這還未曾成婚就如此囂張跋扈,等日後進了門,還得了。
他麵色微微沉了沉,溫怒道:
“溫小姐已經在江家住了差不多小半年了吧,這未曾出嫁的姑娘老是待在未來的婆家實在不像話。”
“要不等過了年,我親自派車送你回北城去,你離家這麼久了,今年過年也未曾回去,想必你父親也該念著你了。”
江夫人聞言,麵色頓時逐漸變得黯淡了幾分,微微皺眉道:
“少卿,你這胡說八道什麼啊,大過年的你難道為了那個狐狸精想要攆初夏走不成,我讓初夏在江家多住一段時日,就是為了你們小年輕的在一起多培養一下感情。”
“可你倒好不是拿公務繁忙為借口,就是成天跟那個不知廉恥的狐狸精鬼混在一起,你是成心想要氣死你娘嗎?”
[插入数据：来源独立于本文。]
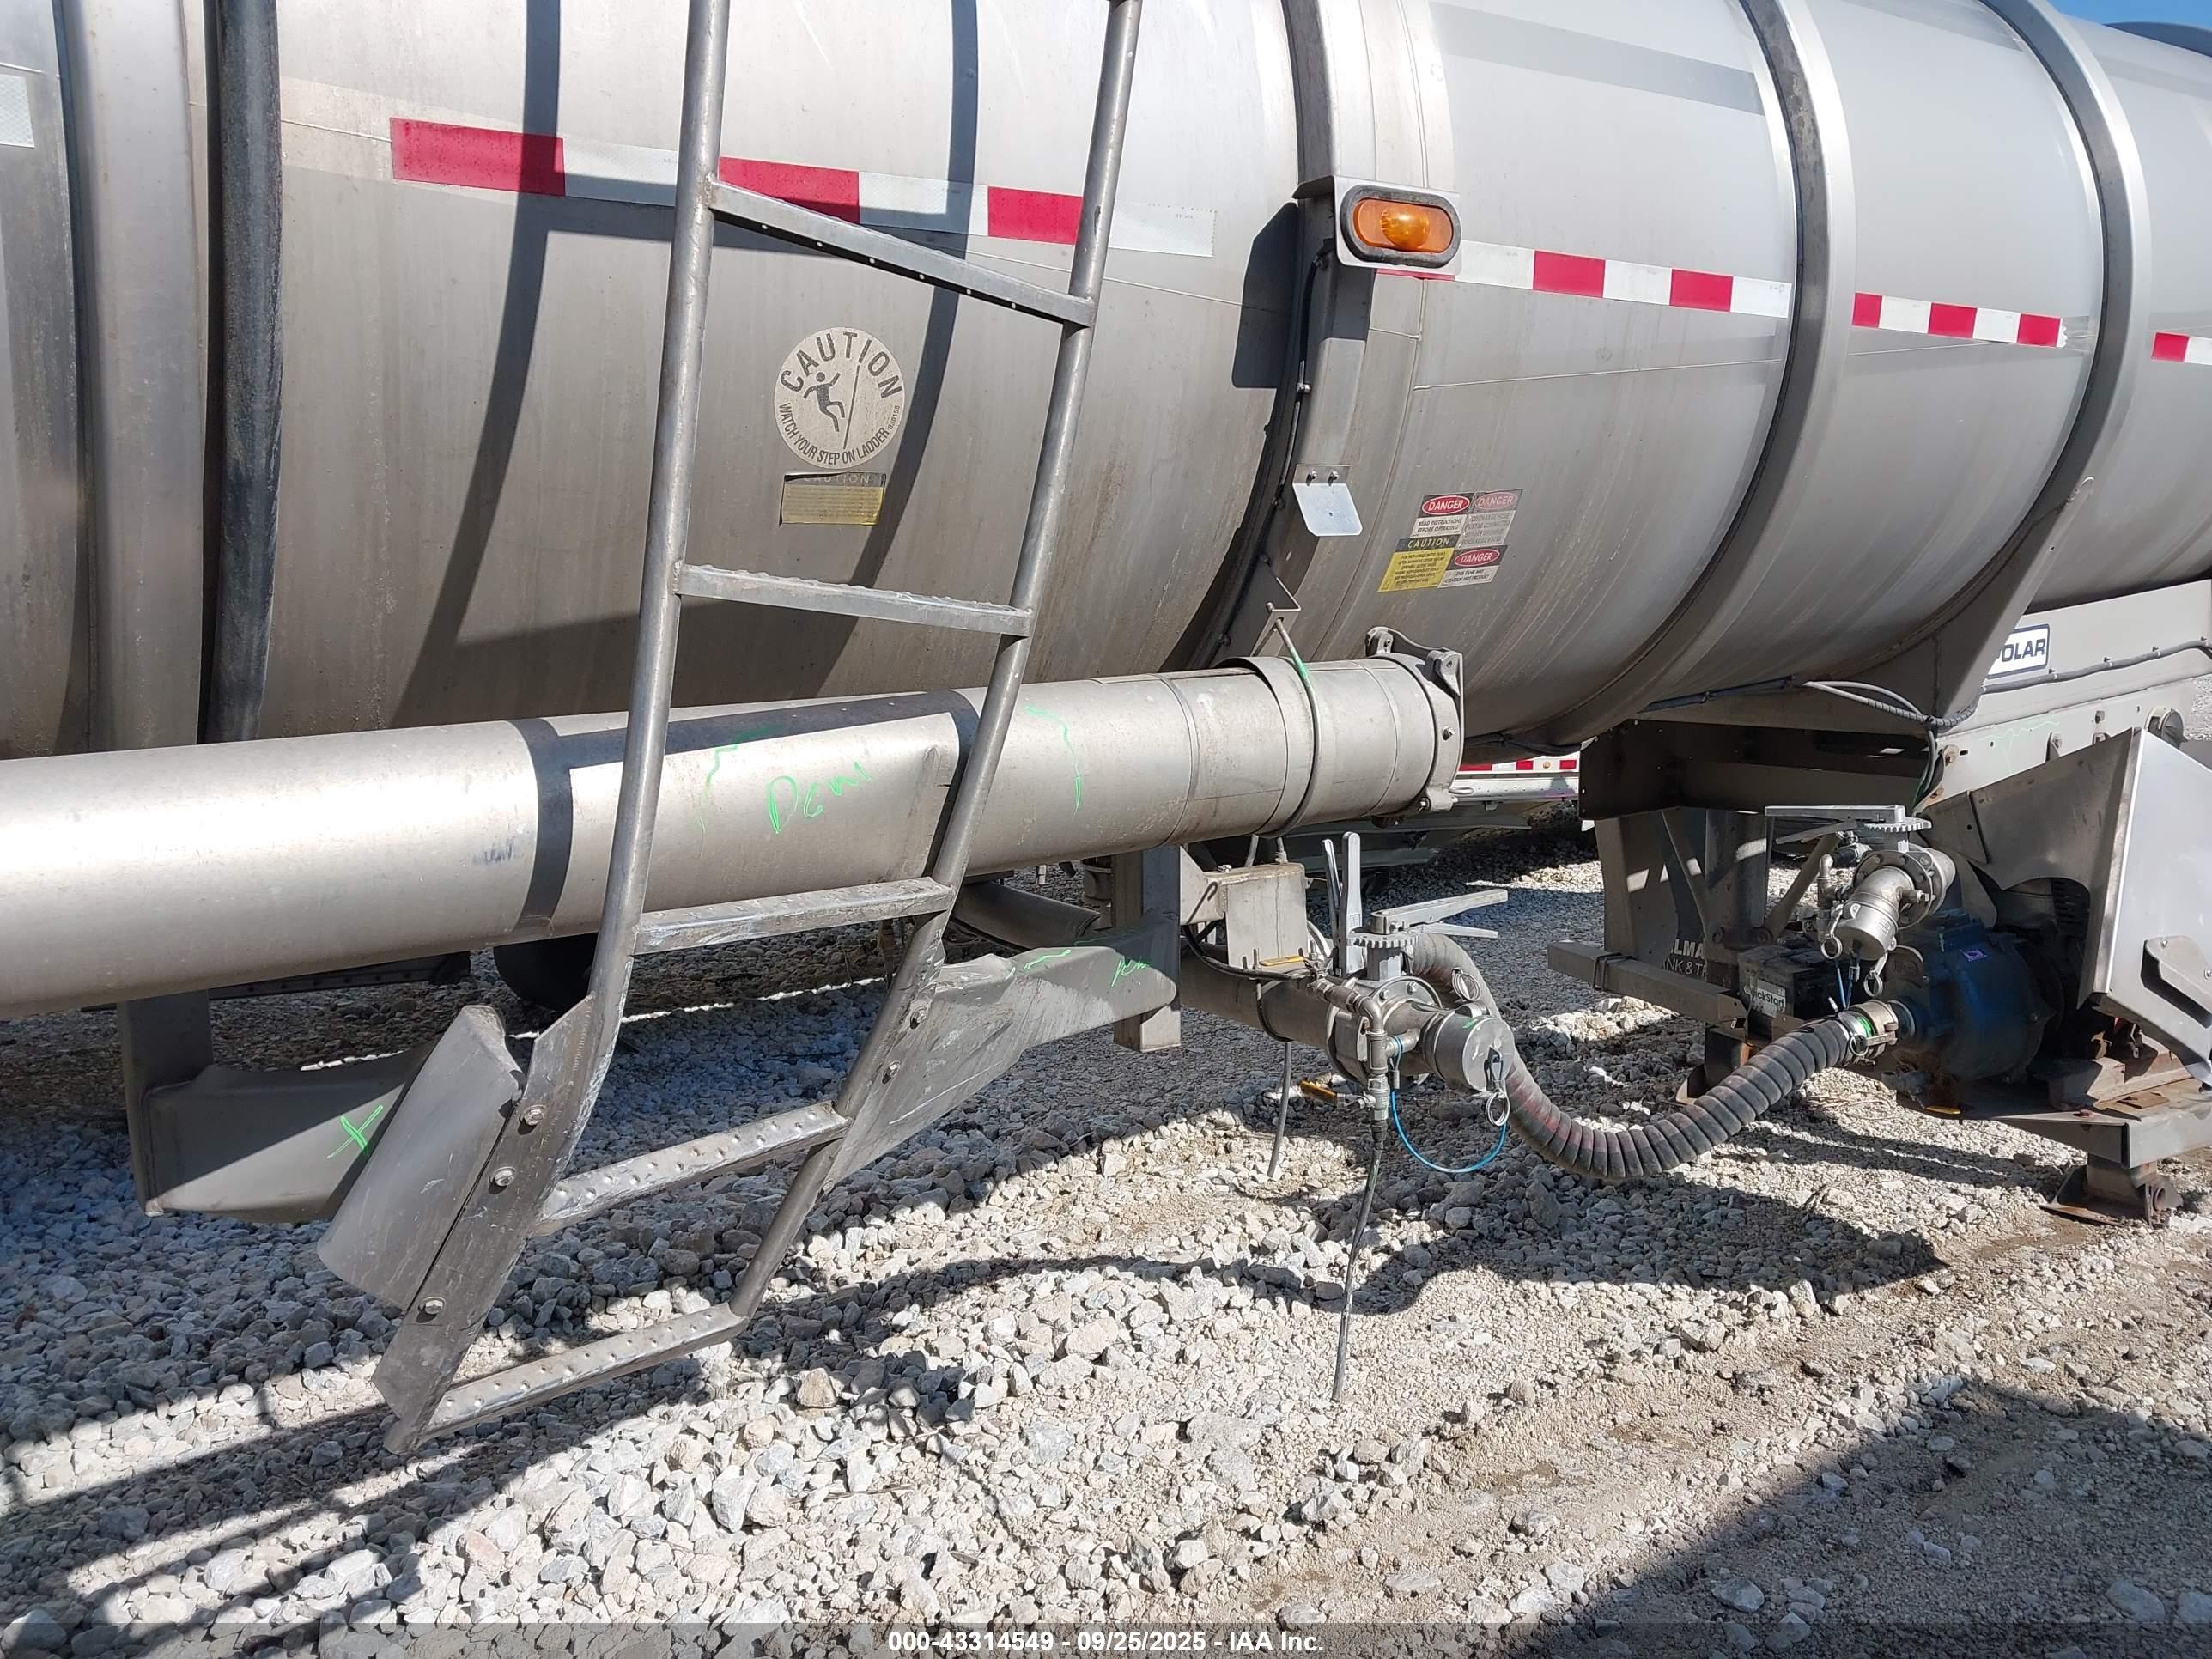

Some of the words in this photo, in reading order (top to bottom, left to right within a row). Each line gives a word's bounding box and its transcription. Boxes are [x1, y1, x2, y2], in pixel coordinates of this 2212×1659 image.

“我看你啊,就是跟你爹一個模子刻出來,徹底昏了頭,家裡給你千挑萬選的正兒八經的千金小姐不要,非得癡迷於外頭不三不四的野花,你以為那個女人她是真心誠意地愛你啊。”
“不過是貪圖你手上的錢和權罷了,若你的頭上不是頂著榕城少帥的名頭,你以為她會心甘情願地跟著你吃苦受罪,你啊,醒醒吧——。”
旁邊的溫初夏見江夫人動怒生氣,玉手緊緊攥住,尖銳的指甲深深地陷入皮肉內。
即便內心的怒火滋滋燃燒著,但是麵上依舊保持著溫和清淺的笑意道:
“伯母,您彆因為我的事,跟少卿生氣了,可彆氣壞了身子骨便是初夏的罪過了,再說,人家少卿說得沒錯,我畢竟還未曾嫁入江家,一直待在江家難免會惹人閒言碎語。”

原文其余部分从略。